WHEREAS, DRLLC’s Members and Managers and DRINC’s Stockholders and Board of Directors have approved and deem it in the best interest of the Members of DRLLC and the Stockholders of DRINC, respectively, to consummate the merger provided for herein in which DRLLC will merge with and into DRINC, with DRINC being the surviving entity, all on the terms and subject to the conditions set forth in this Agreement;
WHEREAS, such merger shall take place pursuant to a plan of merger in the form set forth in the Articles of Merger attached hereto as Exhibit A and the Certificate of Merger attached hereto as Exhibit B (the “Merger”);
WHEREAS, the Members and Managers of DRLLC and the Stockholders and Board of Directors of DRINC have approved the Merger and the execution of the Articles of Merger attached hereto as Exhibit A and the Certificate of Merger attached hereto as Exhibit B;
WHEREAS, the laws of the States of Missouri and Delaware permit the Merger and the parties hereto wish to merge under and pursuant to the provisions of such laws; and
WHEREAS, for Federal income tax purposes it is intended that the Merger qualify as a reorganization within the meaning of Section 368 of the Internal Revenue Code of 1986, as amended (the “Code”), and this Agreement be a “plan of reorganization” within the meaning of the regulations promulgated under Section 368 of the Code.
NOW, THEREFORE, in consideration of the foregoing premises and the respective representations, warranties, covenants and agreements contained in this Agreement, and for other good and valuable consideration, the receipt and sufficiency of which is hereby acknowledged, and intending to be legally bound hereby, the parties agree as follows:
ARTICLE
I
THE MERGER
1.1 The Merger.
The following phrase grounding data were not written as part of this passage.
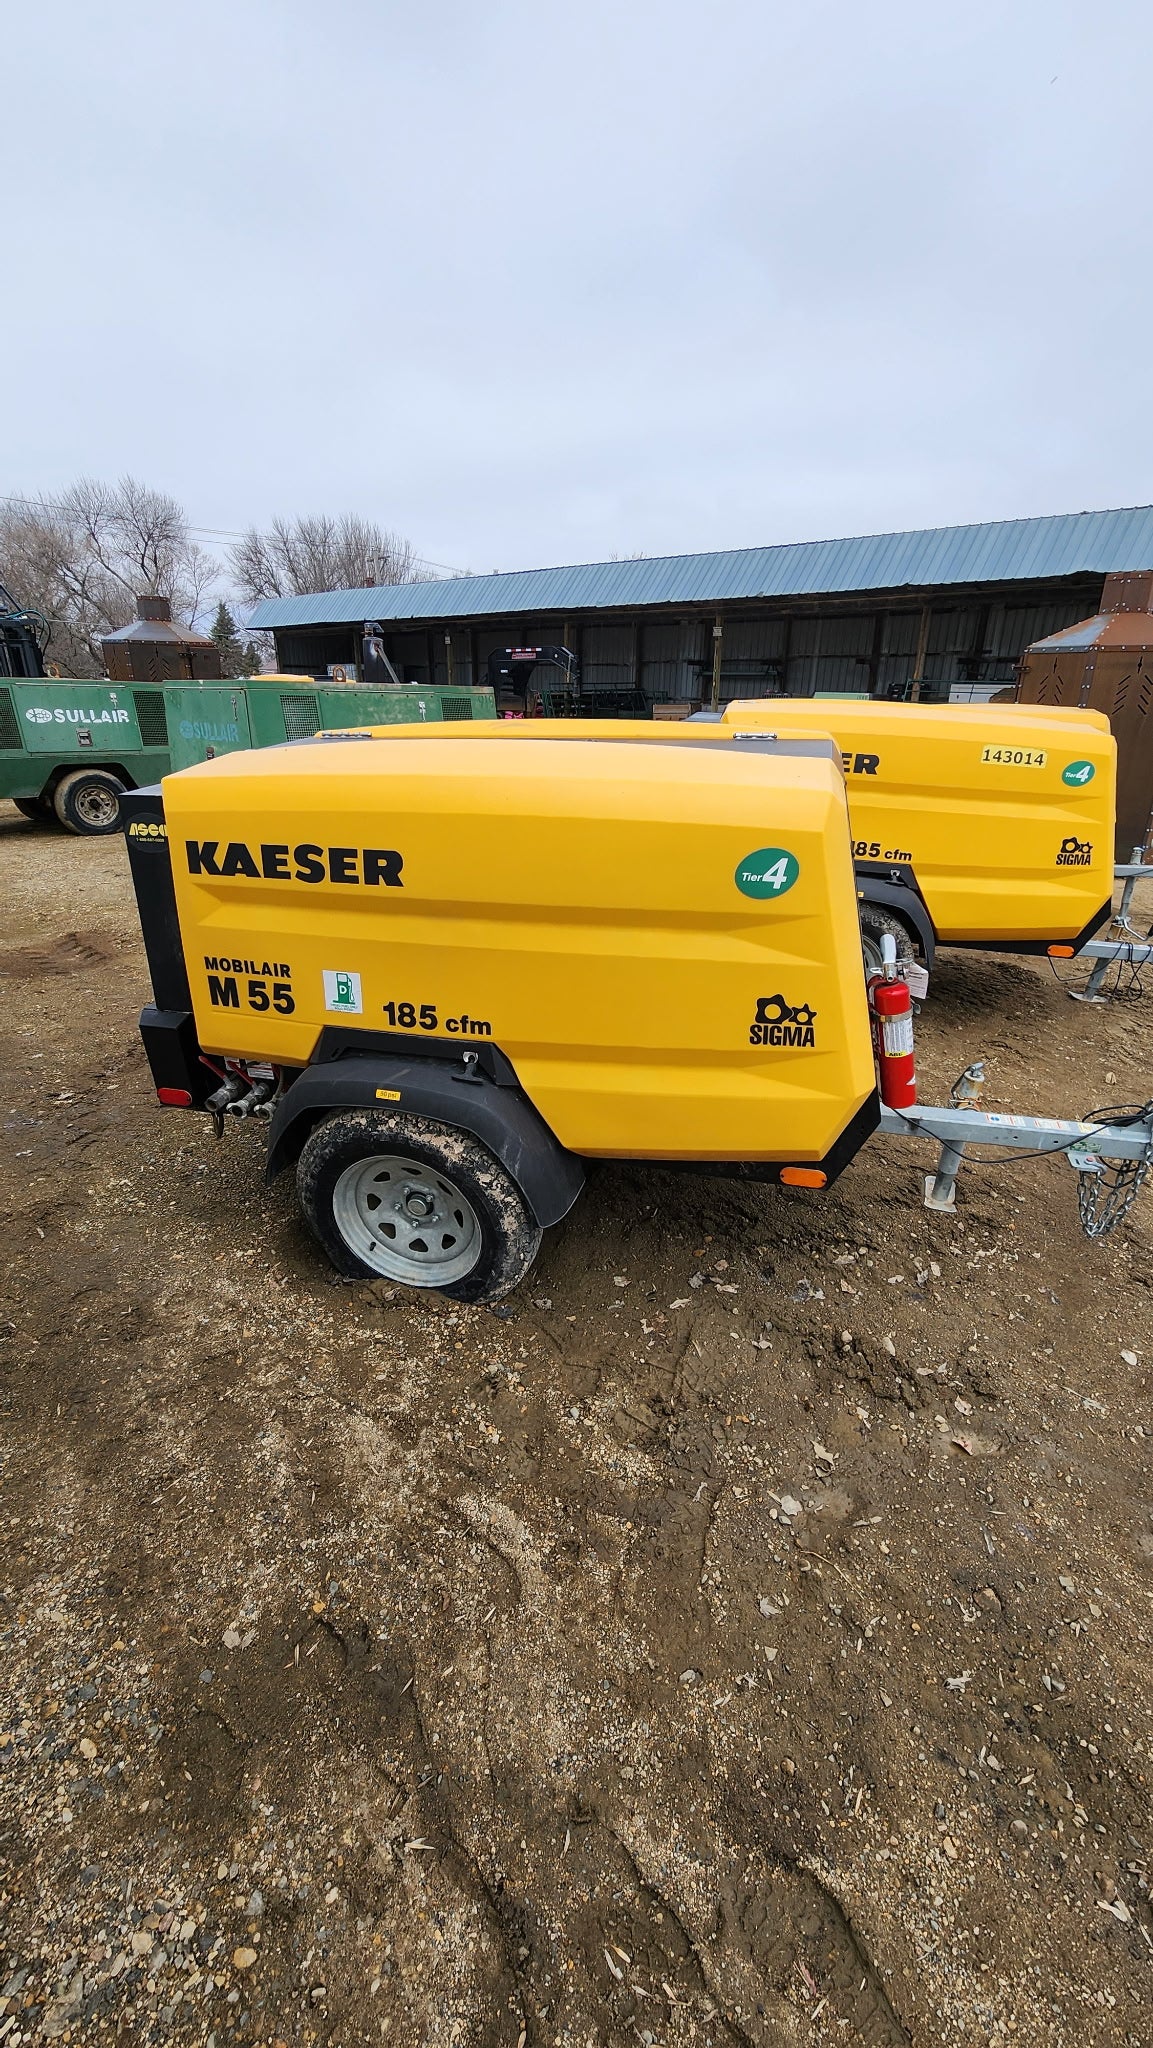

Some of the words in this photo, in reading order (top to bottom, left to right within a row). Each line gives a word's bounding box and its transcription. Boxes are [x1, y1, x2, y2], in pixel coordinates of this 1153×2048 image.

[53, 708, 130, 724] SULLAIR
[192, 721, 240, 742] SULLAIR
[982, 749, 1044, 766] 143014
[185, 840, 404, 887] KAESER
[884, 849, 912, 861] cfm
[1055, 853, 1091, 866] SIGMA
[204, 956, 291, 978] MOBILAIR
[207, 975, 240, 1008] M
[248, 980, 295, 1015] 55
[383, 1001, 438, 1030] 185
[445, 1014, 492, 1036] cfm
[749, 1024, 815, 1047] SIGMA
At the Effective Time, as defined in Section 1.2, the Merger shall be effected by merging DRLLC with and into DRINC, upon the terms and subject to the conditions set forth in this Agreement and in accordance with the Delaware General Corporation Law (the “DGCL”) and the Missouri Limited Liability Company Act (the “MRS”), whereupon: (i) the separate corporate existence of DRLLC shall cease and (ii) DRINC shall continue as the surviving company.
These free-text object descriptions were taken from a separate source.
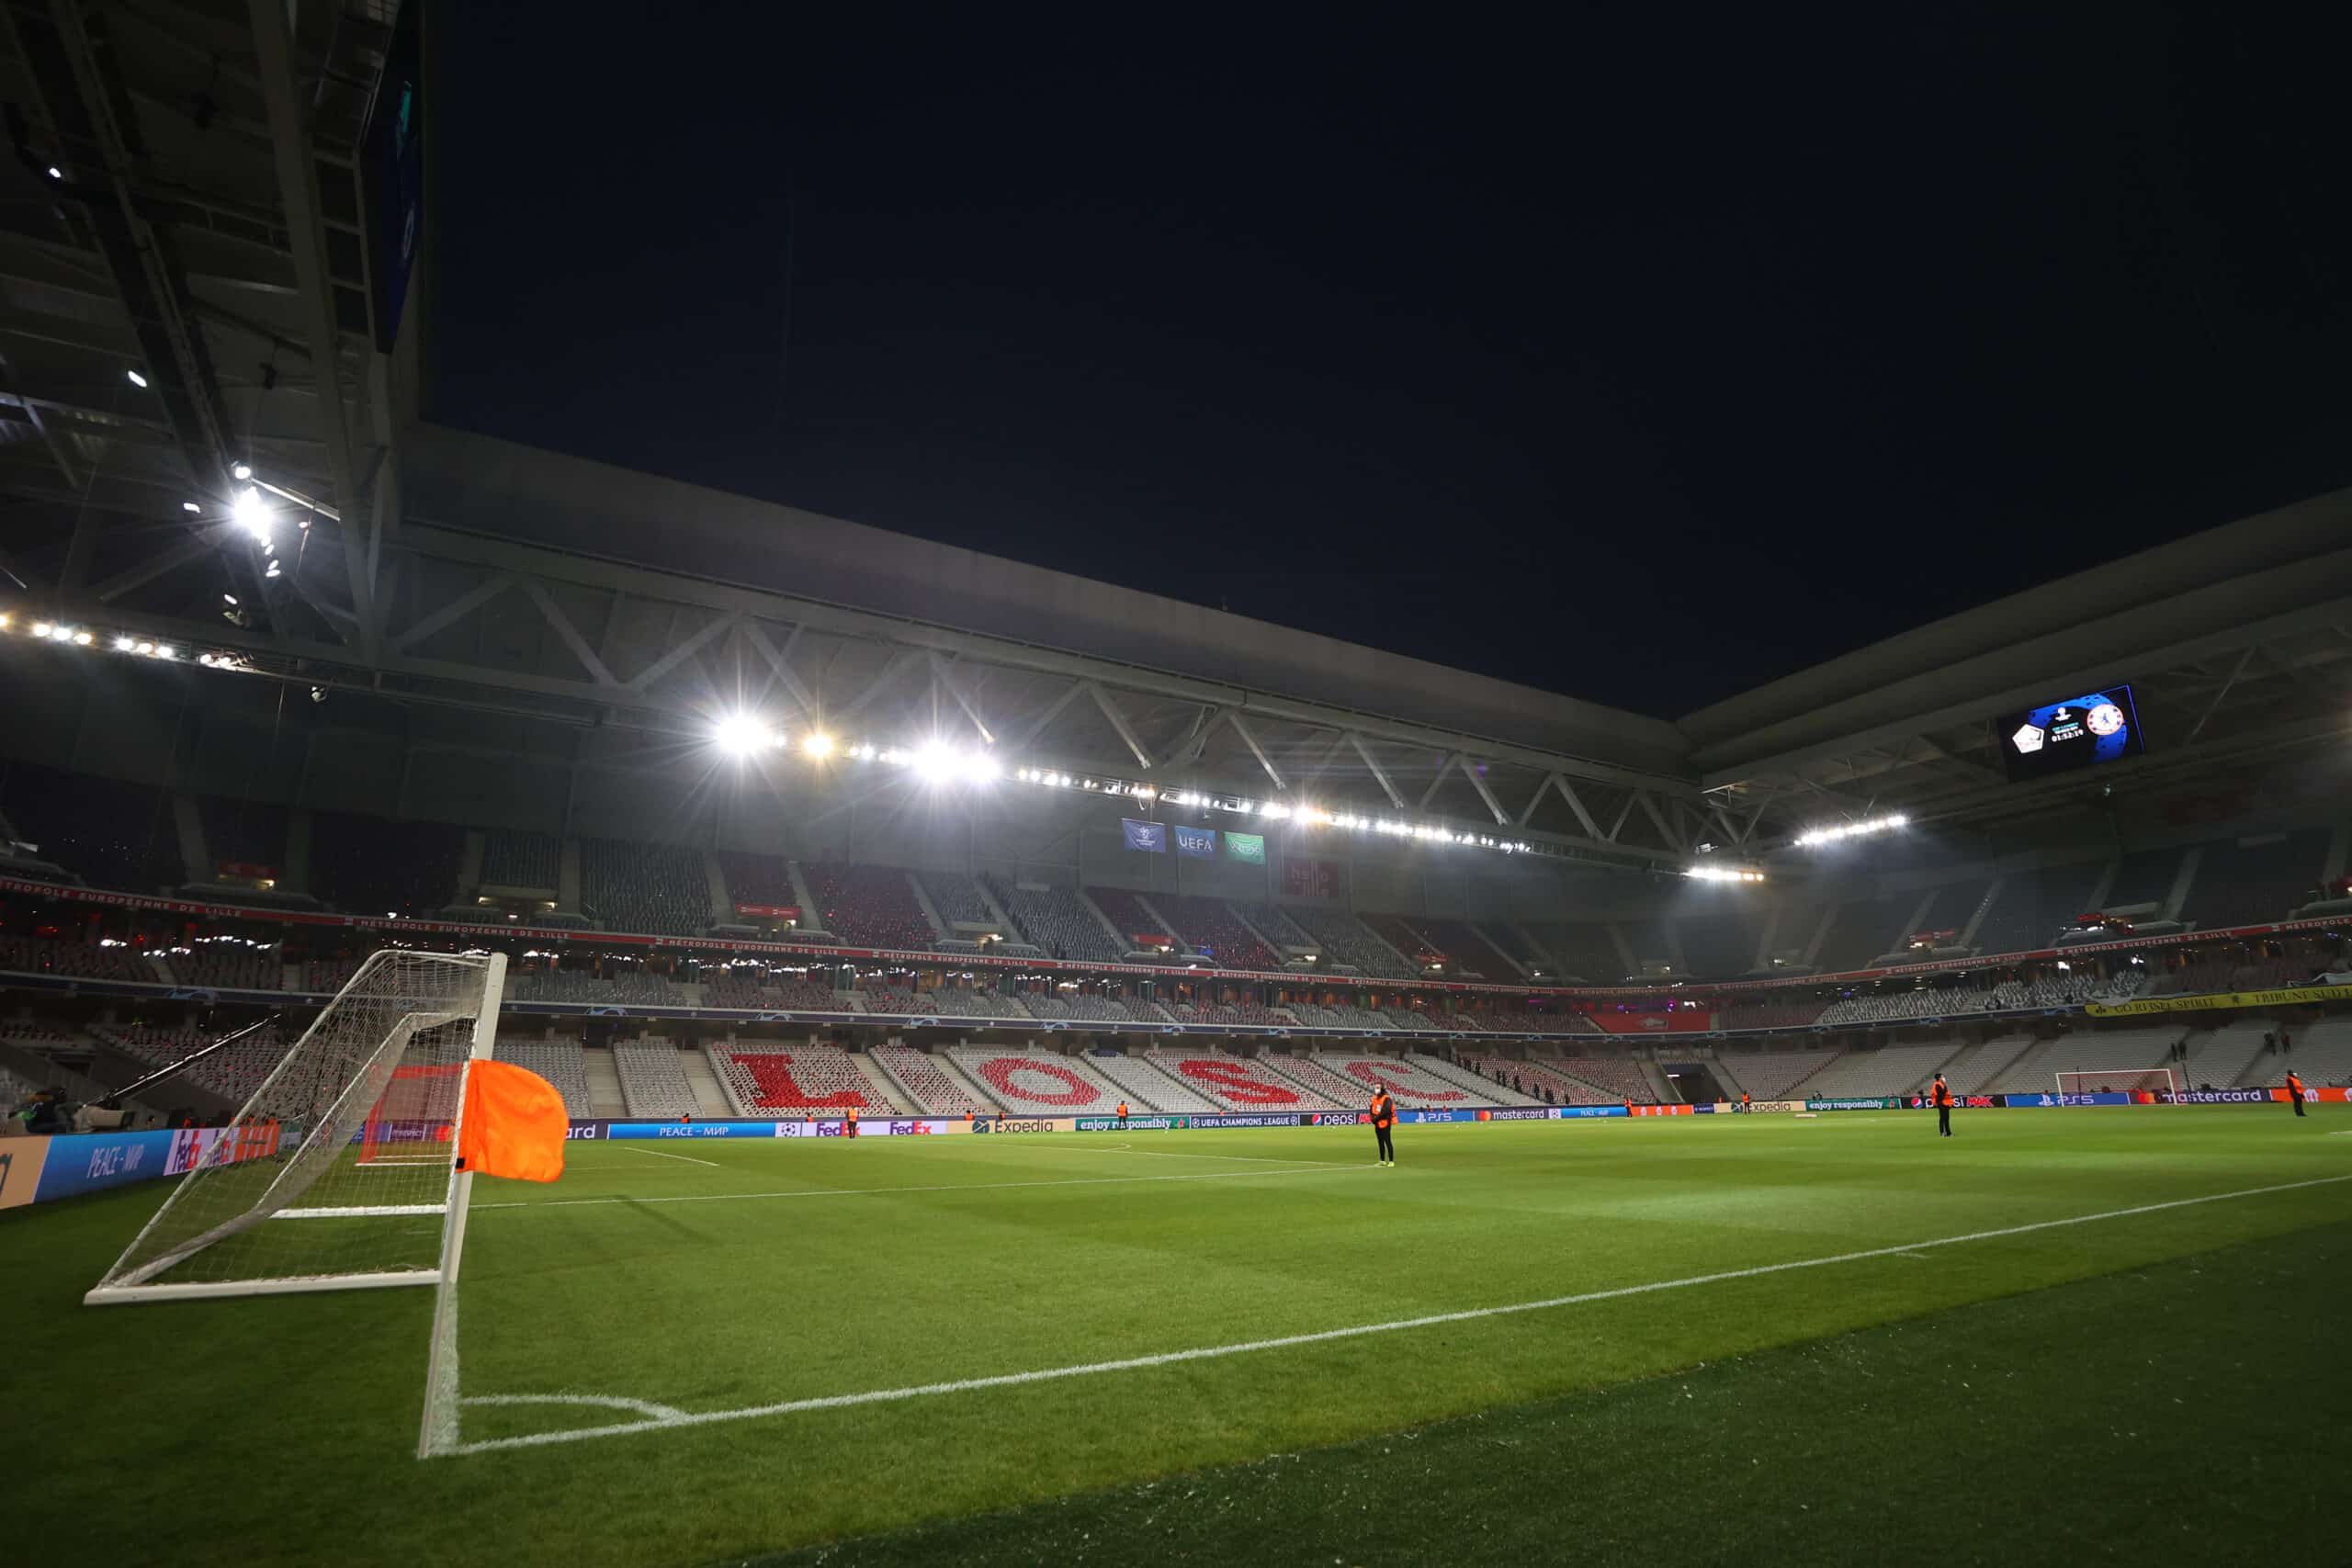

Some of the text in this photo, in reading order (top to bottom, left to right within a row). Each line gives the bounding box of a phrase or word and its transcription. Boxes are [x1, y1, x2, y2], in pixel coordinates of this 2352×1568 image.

[1179, 835, 1213, 852] UEFA
[2205, 931, 2232, 940] LILLE
[2255, 990, 2308, 1003] TRIBUNE
[2176, 998, 2213, 1008] SPIRIT
[1809, 1099, 1883, 1110] enjoy responsibly
[1966, 1096, 1994, 1108] MAX
[2057, 1095, 2094, 1104] PS5
[1324, 1112, 1357, 1125] pepsi
[1428, 1112, 1452, 1122] PS5
[1493, 1109, 1544, 1120] mastercard
[995, 1119, 1053, 1133] Expedia
[1080, 1119, 1110, 1131] enjoy
[1221, 1118, 1261, 1126] CHAMPIONS
[1263, 1117, 1289, 1125] LEAGUE
[660, 1126, 694, 1137] PEACE
[889, 1120, 932, 1135] FedEx
[86, 1146, 121, 1179] PEACE
1.2 Effective Time. On the Closing Date, as defined in Article IV, the parties shall file the Certificate of Merger with the Secretary of State of the State of Delaware and shall file the Articles of Merger with the Missouri Secretary of State, and make all other filings or recordings required by the DGCL and MRS in connection with the Merger. The Merger shall become effective at the time as both the Certificate of Merger is duly filed and accepted with the Secretary of State of Delaware and the Articles of Merger are duly filed and accepted with the Missouri Secretary of State (the time the Mergers become effective being the “Effective Time”).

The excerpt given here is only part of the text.